一方、東北地方の古文書には、17世紀に発生した「1611年慶長地震津波」の記述が残されている。これによると、同じ日に3度の大地震があり、最後の地震の後に津波が来襲したとの事。そのため、慶長地震津波は、北海道の17世紀の根室・釧路沖の連動型巨大地震が原因だったとの意見もある。そうであれば、数値計算の結果、千島海溝沿いで従来の想起(マグニチュード8・5)より大きいマグニチュード8・9の地震が発生していた可能性があるとのことだ。

3年前、あるテレビ局の報道番組が、釧路川の上流10キロメートル以上の地点で、過去の大津波の痕跡(物証)を放映した。それ以後、筆者は友人たちに「釧路地方裁判所などの国の行政機関は、帯広市に移転するべきだ」と言ってきた。今回、紹介した書物を読んで、ますます帯広市に移転するべきとの考えに至った。

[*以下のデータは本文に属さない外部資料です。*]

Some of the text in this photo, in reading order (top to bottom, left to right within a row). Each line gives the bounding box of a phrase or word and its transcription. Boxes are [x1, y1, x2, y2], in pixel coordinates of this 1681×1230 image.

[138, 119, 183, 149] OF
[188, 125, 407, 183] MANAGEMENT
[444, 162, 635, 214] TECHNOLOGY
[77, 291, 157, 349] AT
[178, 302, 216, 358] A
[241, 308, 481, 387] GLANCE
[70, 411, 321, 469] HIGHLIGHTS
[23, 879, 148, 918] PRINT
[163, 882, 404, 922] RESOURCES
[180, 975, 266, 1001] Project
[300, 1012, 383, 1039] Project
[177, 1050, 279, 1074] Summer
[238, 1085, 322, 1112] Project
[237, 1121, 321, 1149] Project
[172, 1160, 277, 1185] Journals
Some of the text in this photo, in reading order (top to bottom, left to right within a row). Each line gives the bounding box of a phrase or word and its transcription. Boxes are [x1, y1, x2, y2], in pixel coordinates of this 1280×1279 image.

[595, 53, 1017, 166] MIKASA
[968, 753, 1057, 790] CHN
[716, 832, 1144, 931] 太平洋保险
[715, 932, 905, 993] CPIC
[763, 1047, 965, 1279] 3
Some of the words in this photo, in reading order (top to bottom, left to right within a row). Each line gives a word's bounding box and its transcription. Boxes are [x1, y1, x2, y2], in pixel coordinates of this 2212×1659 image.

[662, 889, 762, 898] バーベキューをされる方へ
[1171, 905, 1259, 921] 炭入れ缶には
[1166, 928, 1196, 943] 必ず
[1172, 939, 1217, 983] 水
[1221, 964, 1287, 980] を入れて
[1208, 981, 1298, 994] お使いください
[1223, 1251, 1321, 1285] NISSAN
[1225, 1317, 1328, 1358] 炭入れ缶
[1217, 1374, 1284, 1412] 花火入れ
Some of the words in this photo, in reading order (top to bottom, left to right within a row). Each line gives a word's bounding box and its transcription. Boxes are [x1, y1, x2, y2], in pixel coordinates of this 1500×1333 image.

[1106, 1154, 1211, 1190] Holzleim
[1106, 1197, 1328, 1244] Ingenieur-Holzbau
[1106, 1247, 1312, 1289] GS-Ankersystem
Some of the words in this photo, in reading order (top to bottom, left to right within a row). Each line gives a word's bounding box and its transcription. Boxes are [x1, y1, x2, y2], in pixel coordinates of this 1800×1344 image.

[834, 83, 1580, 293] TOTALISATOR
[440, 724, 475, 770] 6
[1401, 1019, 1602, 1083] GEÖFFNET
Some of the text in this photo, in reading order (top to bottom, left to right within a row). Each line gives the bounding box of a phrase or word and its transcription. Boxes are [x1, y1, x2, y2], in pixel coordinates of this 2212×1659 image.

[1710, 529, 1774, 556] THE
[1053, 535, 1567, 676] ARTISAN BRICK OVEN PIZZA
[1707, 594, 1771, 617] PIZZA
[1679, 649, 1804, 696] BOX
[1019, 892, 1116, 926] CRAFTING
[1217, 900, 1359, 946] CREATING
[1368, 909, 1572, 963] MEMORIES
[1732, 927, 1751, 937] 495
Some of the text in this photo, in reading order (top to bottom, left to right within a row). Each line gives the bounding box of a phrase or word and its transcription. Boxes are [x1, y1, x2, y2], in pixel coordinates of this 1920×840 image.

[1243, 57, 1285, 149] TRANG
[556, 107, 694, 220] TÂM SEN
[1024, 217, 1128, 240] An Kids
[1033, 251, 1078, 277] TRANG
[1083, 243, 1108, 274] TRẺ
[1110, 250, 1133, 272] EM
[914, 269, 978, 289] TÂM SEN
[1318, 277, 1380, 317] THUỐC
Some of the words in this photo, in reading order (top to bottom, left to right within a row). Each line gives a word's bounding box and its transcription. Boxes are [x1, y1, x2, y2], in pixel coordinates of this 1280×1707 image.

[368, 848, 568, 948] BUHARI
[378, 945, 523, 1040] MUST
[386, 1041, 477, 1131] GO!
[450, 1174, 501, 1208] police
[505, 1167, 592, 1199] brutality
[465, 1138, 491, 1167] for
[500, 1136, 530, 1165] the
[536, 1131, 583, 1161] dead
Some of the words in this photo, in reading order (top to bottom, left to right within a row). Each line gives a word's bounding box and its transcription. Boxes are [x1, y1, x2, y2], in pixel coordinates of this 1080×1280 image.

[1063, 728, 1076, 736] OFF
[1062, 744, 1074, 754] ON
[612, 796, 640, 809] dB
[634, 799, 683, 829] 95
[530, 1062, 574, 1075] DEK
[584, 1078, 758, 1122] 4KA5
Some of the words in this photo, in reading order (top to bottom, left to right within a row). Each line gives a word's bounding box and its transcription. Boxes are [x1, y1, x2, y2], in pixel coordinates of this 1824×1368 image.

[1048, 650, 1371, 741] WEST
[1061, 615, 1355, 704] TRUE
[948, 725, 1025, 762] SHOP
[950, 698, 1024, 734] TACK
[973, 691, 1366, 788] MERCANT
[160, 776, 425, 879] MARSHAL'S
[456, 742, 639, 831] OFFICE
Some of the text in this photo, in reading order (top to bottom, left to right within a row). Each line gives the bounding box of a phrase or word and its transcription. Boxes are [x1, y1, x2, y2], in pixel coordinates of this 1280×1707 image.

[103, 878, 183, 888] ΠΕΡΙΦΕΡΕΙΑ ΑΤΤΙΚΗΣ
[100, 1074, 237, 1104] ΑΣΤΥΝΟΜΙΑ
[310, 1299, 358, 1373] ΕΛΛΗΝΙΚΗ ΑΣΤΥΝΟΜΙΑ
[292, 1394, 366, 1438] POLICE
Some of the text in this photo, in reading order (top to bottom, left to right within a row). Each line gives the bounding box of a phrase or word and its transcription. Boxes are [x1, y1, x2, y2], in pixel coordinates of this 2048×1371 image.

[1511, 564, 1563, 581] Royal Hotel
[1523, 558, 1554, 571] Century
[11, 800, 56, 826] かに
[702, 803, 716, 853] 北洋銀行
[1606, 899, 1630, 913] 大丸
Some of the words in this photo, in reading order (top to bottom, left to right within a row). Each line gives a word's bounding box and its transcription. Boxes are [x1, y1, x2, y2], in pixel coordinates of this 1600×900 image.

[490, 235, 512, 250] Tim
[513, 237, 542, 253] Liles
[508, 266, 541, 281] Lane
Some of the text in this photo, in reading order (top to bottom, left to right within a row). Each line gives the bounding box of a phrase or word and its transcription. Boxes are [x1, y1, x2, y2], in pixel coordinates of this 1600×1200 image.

多分、吾が輩の主張に対して、釧路市民は怒るであろう。しかしながら、地質専門家の著者が「過去起きたことは将来にも起きる」との警告していること考えると、何かの巡り合わせで釧路市勤務になった国家公務員の人命、更に国や個人の大事な資料が失われる可能性がある以上、国は早急に国の行政機関を帯広市に移転すべきである。そして、道東の拠点都市を釧路市から帯広市に変更すべきである。